[Material for the task — start]

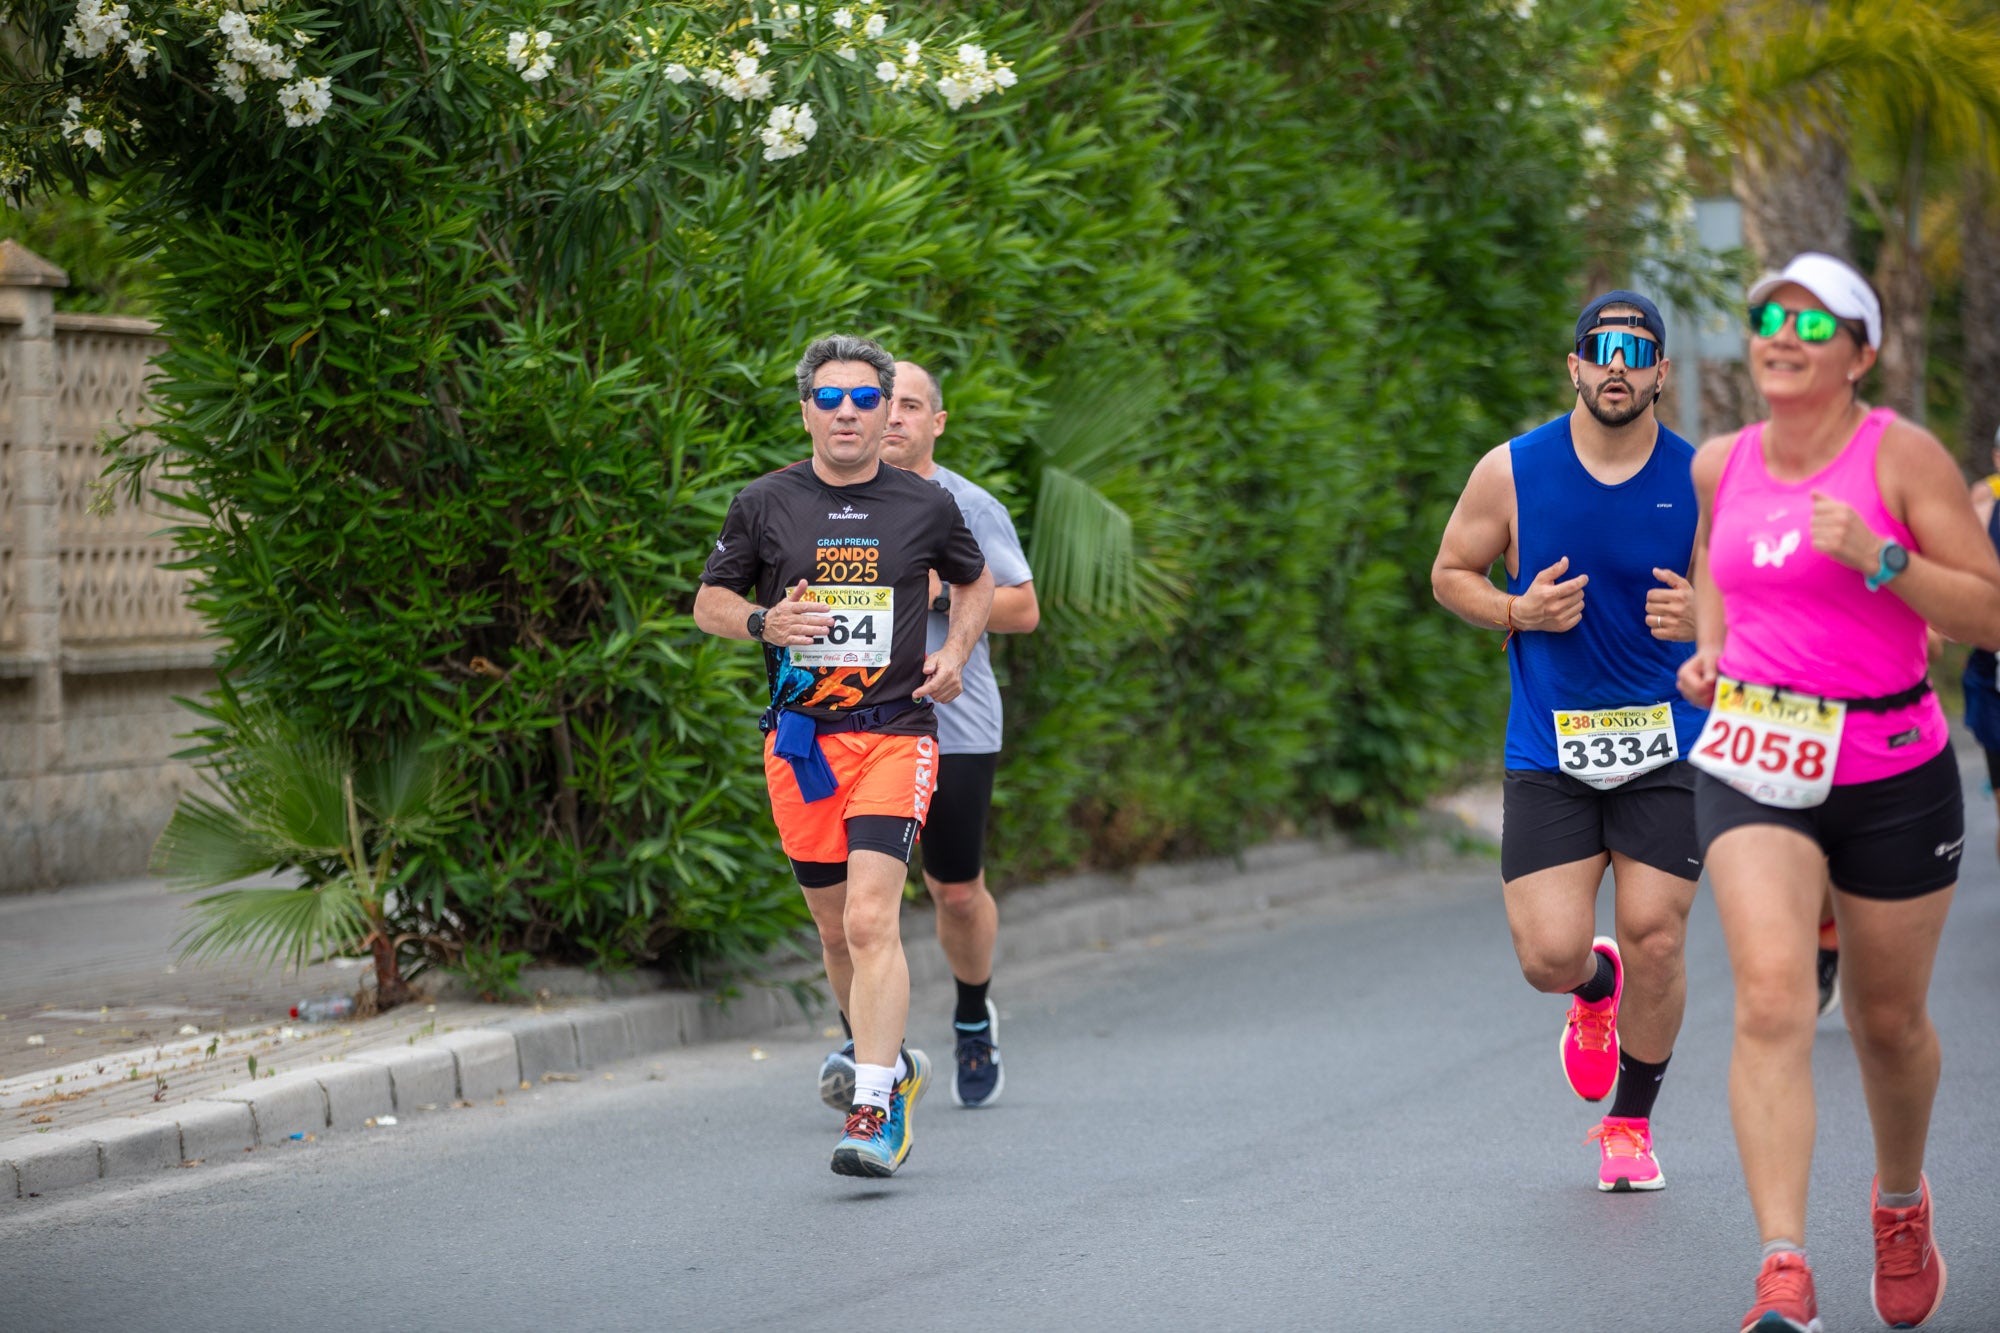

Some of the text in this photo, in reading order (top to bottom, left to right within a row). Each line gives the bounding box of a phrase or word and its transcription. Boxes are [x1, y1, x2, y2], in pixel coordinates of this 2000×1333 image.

[817, 538, 880, 547] GRAN PREMIO
[816, 547, 879, 562] FONDO
[816, 562, 879, 583] 2025
[817, 595, 870, 606] FONDO
[805, 614, 877, 645] 64
[1571, 715, 1648, 730] 38 FONDO
[1563, 733, 1673, 770] 3334
[1700, 720, 1827, 782] 2058
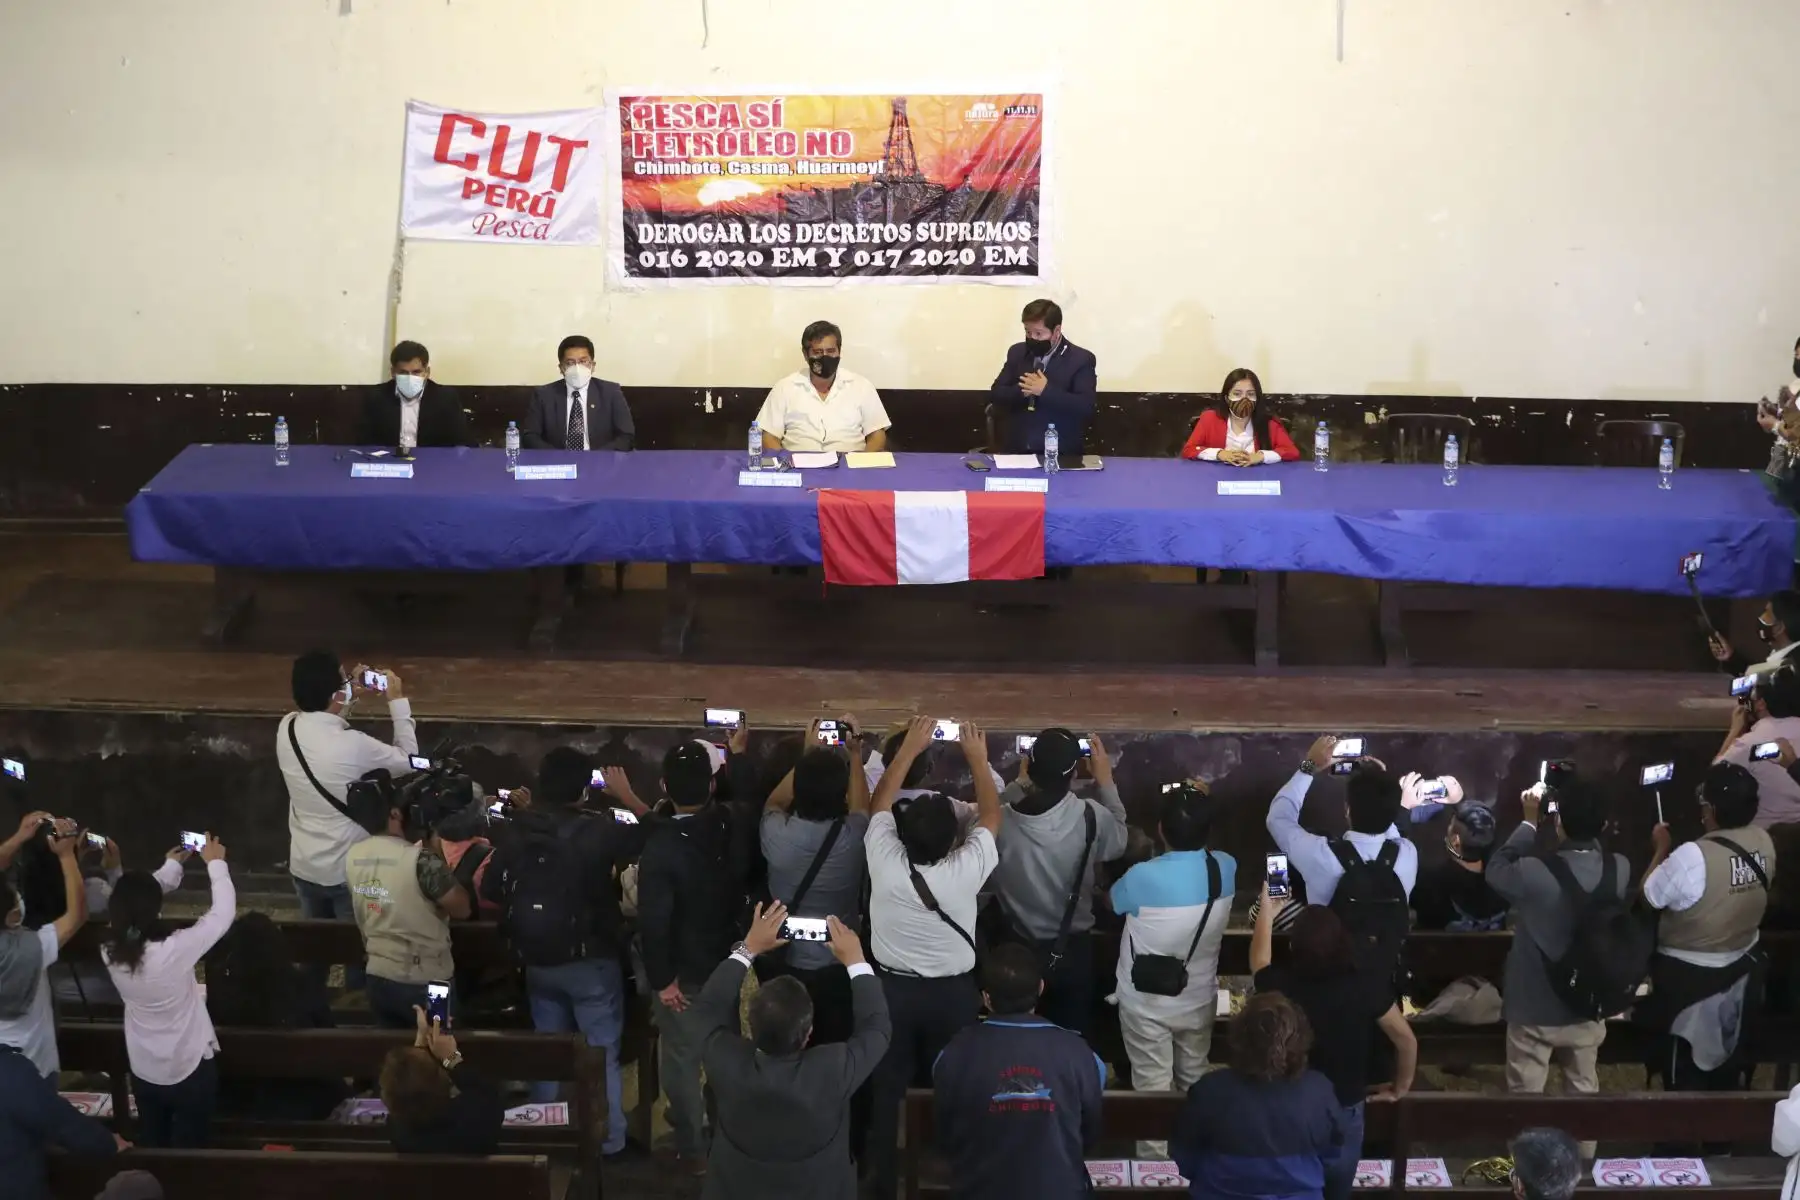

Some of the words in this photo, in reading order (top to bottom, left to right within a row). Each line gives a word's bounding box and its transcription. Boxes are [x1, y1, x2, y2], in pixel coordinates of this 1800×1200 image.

[Material for the task — finish]

# Work instruction:
Extract the entries in full, exactly as they are, minus the pictures.

# Solved exercise:
Some of the text in this photo, in reading order (top to bottom, left to right within a row). Each line gives the bounding box of a phrase or word and its transcription. Boxes are [x1, y1, x2, y2], in pixel coordinates of this 2000×1333 image.

[817, 538, 880, 547] GRAN PREMIO
[816, 547, 879, 562] FONDO
[816, 562, 879, 583] 2025
[817, 595, 870, 606] FONDO
[805, 614, 877, 645] 64
[1571, 715, 1648, 730] 38 FONDO
[1563, 733, 1673, 770] 3334
[1700, 720, 1827, 782] 2058

Some of the words in this photo, in reading order (top to bottom, left to right within a row). Each line gives a word's bounding box and its transcription. Boxes are [x1, y1, x2, y2], in pixel coordinates of this 1800×1200 image.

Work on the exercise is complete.